◆ WHAT THE TASK ASKS ◆
Output every line of the data exactly as it appears.

Saved entries
********************

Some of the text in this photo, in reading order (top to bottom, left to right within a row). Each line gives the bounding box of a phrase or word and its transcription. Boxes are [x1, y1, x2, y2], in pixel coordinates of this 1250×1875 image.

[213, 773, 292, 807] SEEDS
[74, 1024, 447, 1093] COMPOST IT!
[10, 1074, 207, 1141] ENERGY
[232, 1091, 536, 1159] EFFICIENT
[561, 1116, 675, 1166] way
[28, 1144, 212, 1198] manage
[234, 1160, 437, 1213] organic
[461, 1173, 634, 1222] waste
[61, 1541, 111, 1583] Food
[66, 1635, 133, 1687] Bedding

********************

◆ ANSWER TO THIS TASK ◆
Some of the text in this photo, in reading order (top to bottom, left to right within a row). Each line gives the bounding box of a phrase or word and its transcription. Boxes are [x1, y1, x2, y2], in pixel coordinates of this 1250×1875 image.

[213, 773, 292, 807] SEEDS
[74, 1024, 447, 1093] COMPOST IT!
[10, 1074, 207, 1141] ENERGY
[232, 1091, 536, 1159] EFFICIENT
[561, 1116, 675, 1166] way
[28, 1144, 212, 1198] manage
[234, 1160, 437, 1213] organic
[461, 1173, 634, 1222] waste
[61, 1541, 111, 1583] Food
[66, 1635, 133, 1687] Bedding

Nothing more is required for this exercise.